Legal specialists say Turner’s plan to testify, possibly as early as today, could prove perilous by shifting the focus of the trial from the government’s evidence against him to the credibility of the six-term councilor. But Turner, who conceded before trial that his lawyers advised him not to take the stand, said attorneys operate in a different realm.

“I’ve been accused of a horrible crime for a public official,’’ said Turner, a longtime community activist accused of taking a $1,000 bribe on Aug. 3, 2007, from a witness secretly cooperating with the FBI. “I have to take that witness stand, even though it might result in my going to jail. . . . Something is dreadfully wrong if you don’t expect me to take the witness stand. You should be saying, ‘Right on, Chuck, that’s what we expect you to do.’ ’’

At that, a supporter flanking Turner outside the federal courtroom yelled, “Right on, Chuck!’’

The government is expected to rest today or tomorrow, giving the defense a chance to call Turner.

Earlier yesterday, Boston businessman Ronald Wilburn, the cooperating witness who broke with the government and testified only after a judge threatened to jail him, left the courtroom after his third and final day on the stand. He told reporters in the corridor that Turner will be convicted of lying to the FBI.

“They’re going to kill him on perjury,’’ Wilburn said, referring to the US District Court jury. “He killed himself on perjury at least four times. He’s gone.’’

Turner is on trial on charges of attempted extortion and on three counts of lying to federal agents who interviewed him 14 months after he allegedly accepted the cash in exchange for helping Wilburn secure a liquor license. Wilburn secretly videotaped and audiotaped the purported payoff in Turner’s district office in Roxbury.

During an interview by FBI agents on Oct. 28, 2008, at City Hall, Turner allegedly lied about having accepted the $1,000, about Wilburn offering to hold a fund-raiser for him and about Wilburn offering to give him money or other help.

The jury is “going to crucify’’ him on those charges, Wilburn said.

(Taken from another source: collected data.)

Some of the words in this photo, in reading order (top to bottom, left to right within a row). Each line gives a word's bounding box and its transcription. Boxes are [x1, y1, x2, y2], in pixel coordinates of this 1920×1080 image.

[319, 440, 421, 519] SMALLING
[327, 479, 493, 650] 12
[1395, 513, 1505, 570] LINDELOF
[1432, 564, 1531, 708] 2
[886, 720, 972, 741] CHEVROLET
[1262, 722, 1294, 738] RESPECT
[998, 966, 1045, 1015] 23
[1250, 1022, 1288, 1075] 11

Turner, he added, was an afterthought in the FBI sting that captured state Senator Dianne Wilkerson accepting $23,500 in bribes from Wilburn and undercover FBI agents in 2007 and 2008. She pleaded guilty to attempted extortion charges on June 3 and awaits sentencing.

“He wasn’t even on the radar screen,’’ the dapper, 71-year-old witness said.

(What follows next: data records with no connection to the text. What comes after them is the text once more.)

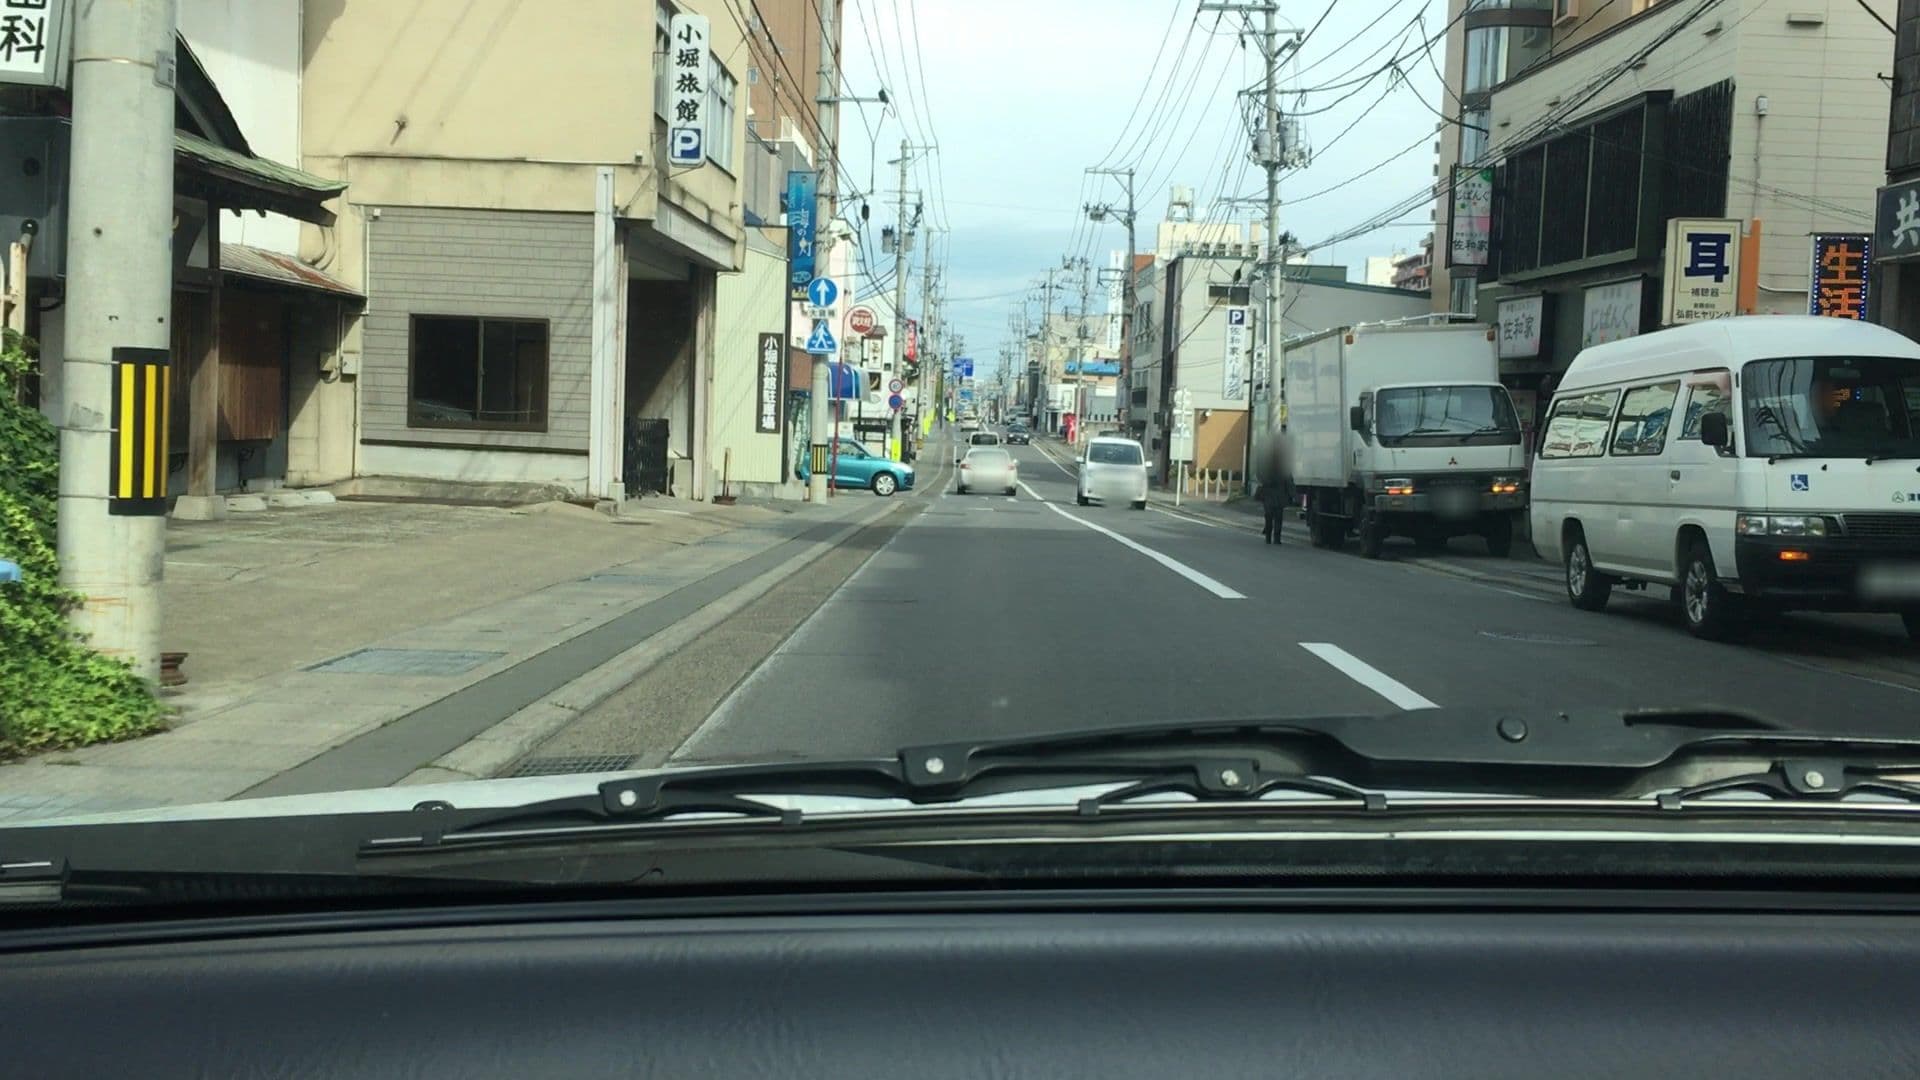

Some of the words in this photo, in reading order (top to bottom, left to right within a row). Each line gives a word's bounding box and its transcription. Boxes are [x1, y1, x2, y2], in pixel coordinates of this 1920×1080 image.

[0, 0, 46, 64] 科
[675, 23, 702, 121] 小堀旅館
[674, 130, 699, 157] P
[1453, 240, 1488, 252] 佐和家
[1684, 233, 1731, 283] 耳
[1691, 287, 1720, 297] 補聴器
[1231, 311, 1242, 323] P
[1676, 309, 1731, 319] 弘前ヒヤリング
[1504, 315, 1534, 340] 佐和家

On the stand yesterday, Wilburn repeated that he handed to Turner the $1,000 that an FBI agent had given him. Under questioning by Assistant US Attorney John T. McNeil, Wilburn also appeared to startle prosecutors by offering an unsolicited demonstration of how he passed the money.

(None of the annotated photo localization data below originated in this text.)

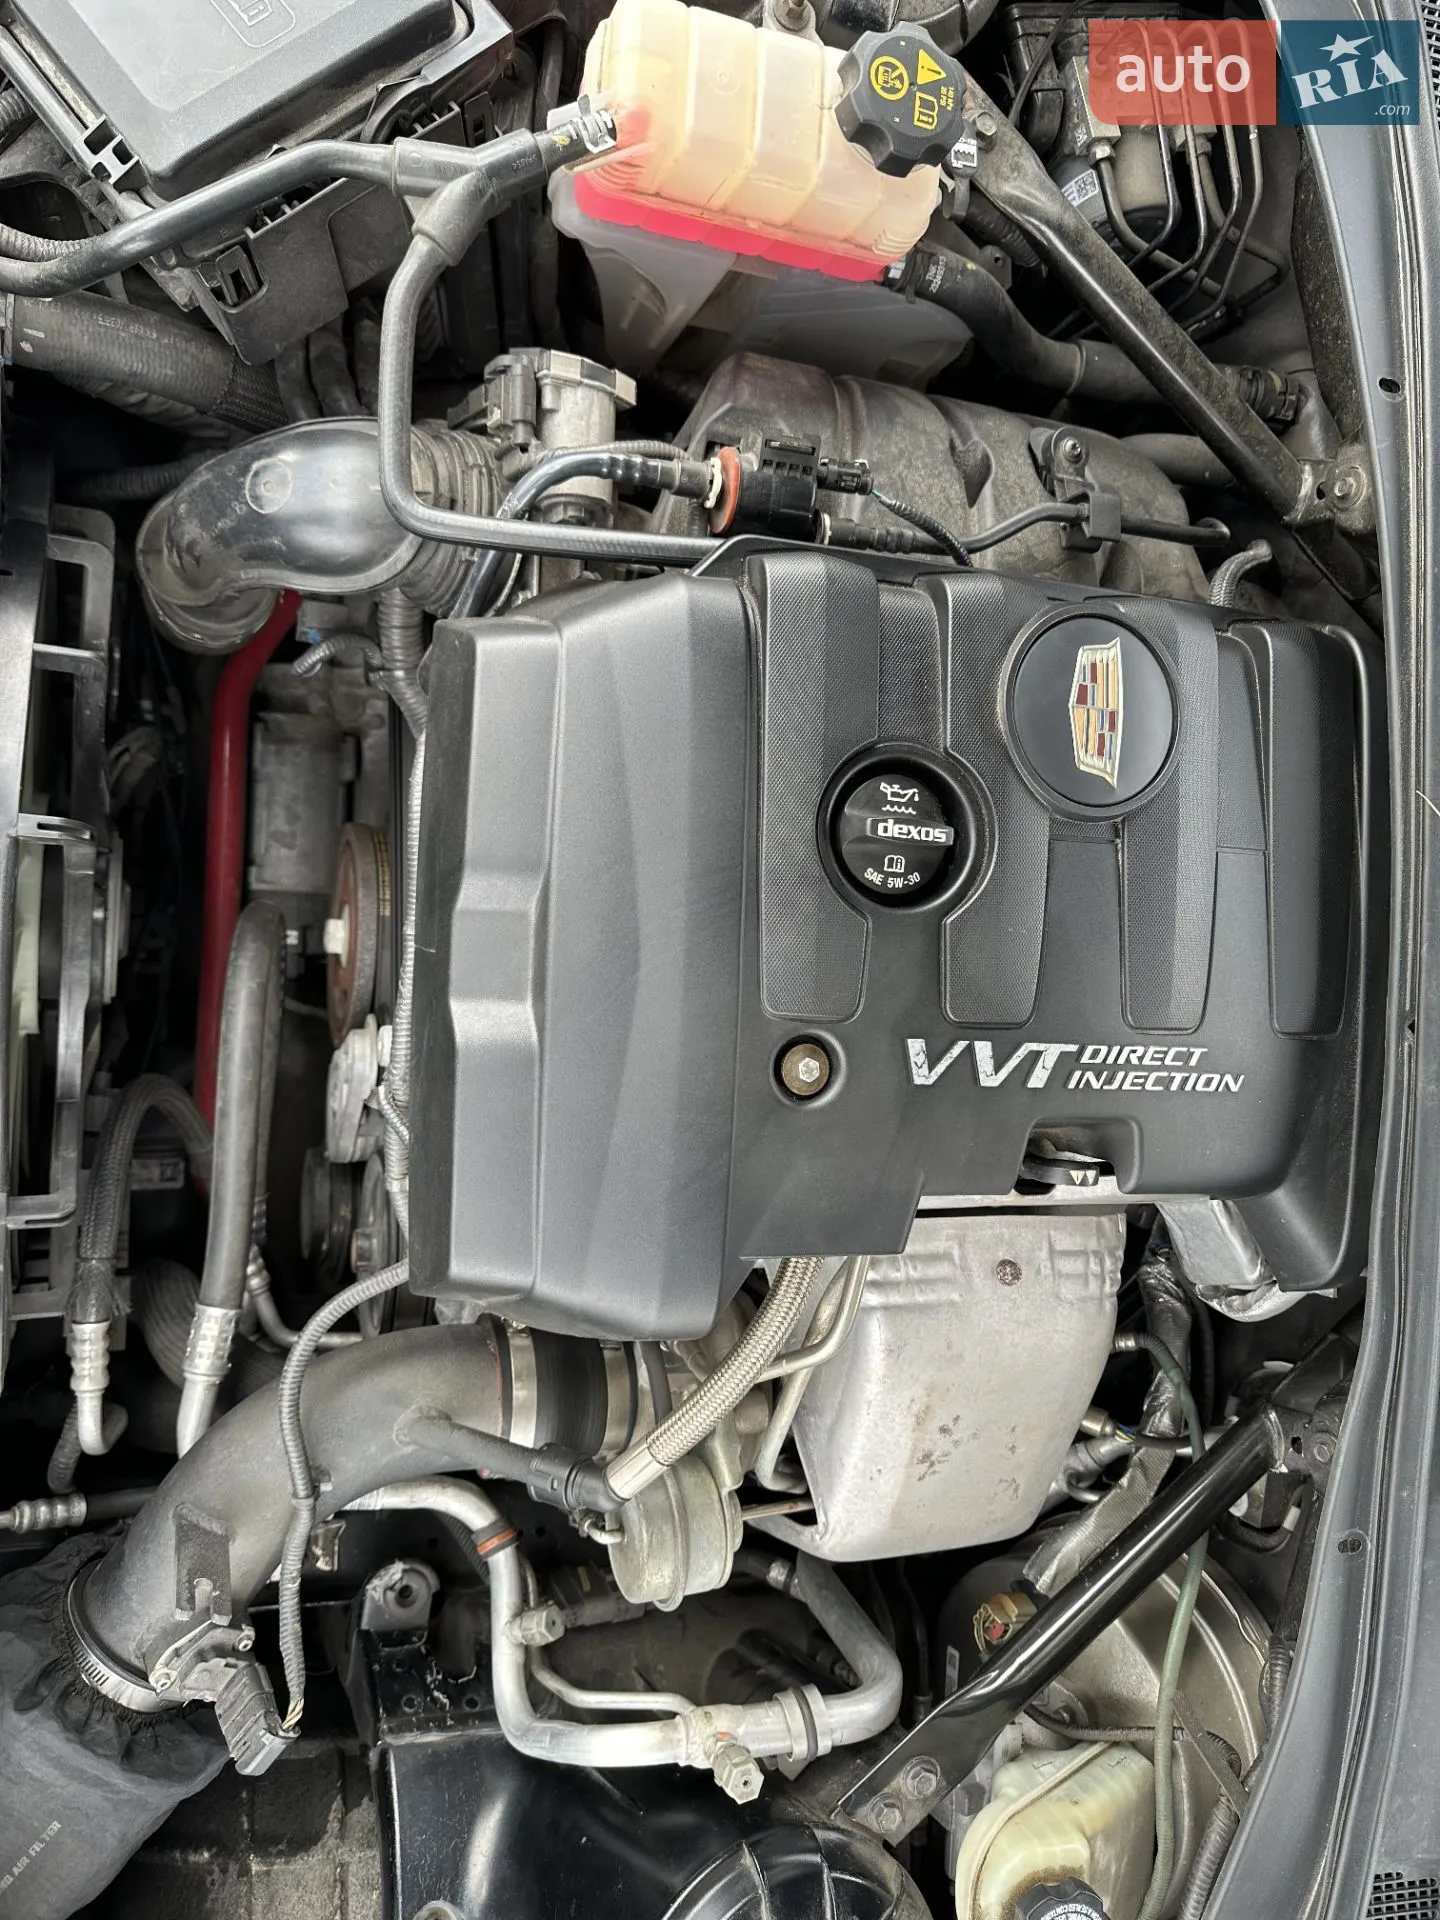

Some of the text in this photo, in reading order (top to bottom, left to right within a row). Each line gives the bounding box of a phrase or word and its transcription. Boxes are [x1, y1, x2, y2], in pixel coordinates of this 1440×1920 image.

[877, 819, 949, 843] dexos
[864, 867, 921, 889] SAE 5W-30
[905, 1038, 1080, 1089] VVT
[1079, 1044, 1209, 1067] DIRECT
[1067, 1070, 1245, 1093] INJECTION
[12, 1855, 31, 1877] AIR
[28, 1820, 62, 1857] FILTER

Using props that he had brought to the witness stand at his own initiative, Wilburn held up what resembled a roll of bills secured with a rubber band. He could have passed the cash this way, he said, gesturing, but did not. Raising a stack of index cards, he said he plucked the cash out of his pocket with his left hand while the bills were flat, passed them to his right hand, and gave them to Turner while shaking hands.

“I had the money flat out on my hand’’ at one point, he said.

The videotape of the alleged payoff did not reflect that. When the tape was played normally last week, it was impossible to see money changing hands at all. But when it was slowed down and clicked frame by frame Thursday, Wilburn pointed to something green in his hand, and it appeared to be a lump.

In other testimony under questioning by McNeil, Wilburn said that when he signed an employment agreement with the FBI in May 2007 to work as a cooperating witness, his wife was earning nearly $70,000 a year at Fidelity Investments, and his adult daughter, who lived with the couple, earned about $55,000 at PetSmart. The testimony was apparently intended to undercut the defense suggestion that Wilburn cooperated with the FBI, earning $29,099, because he needed money.

Under cross-examination by Turner’s lawyer, Barry P. Wilson, Wilburn acknowledged that his wife lost her job in 2008 and that his only personal income in addition to what he received from the FBI was from Social Security and a modest annuity.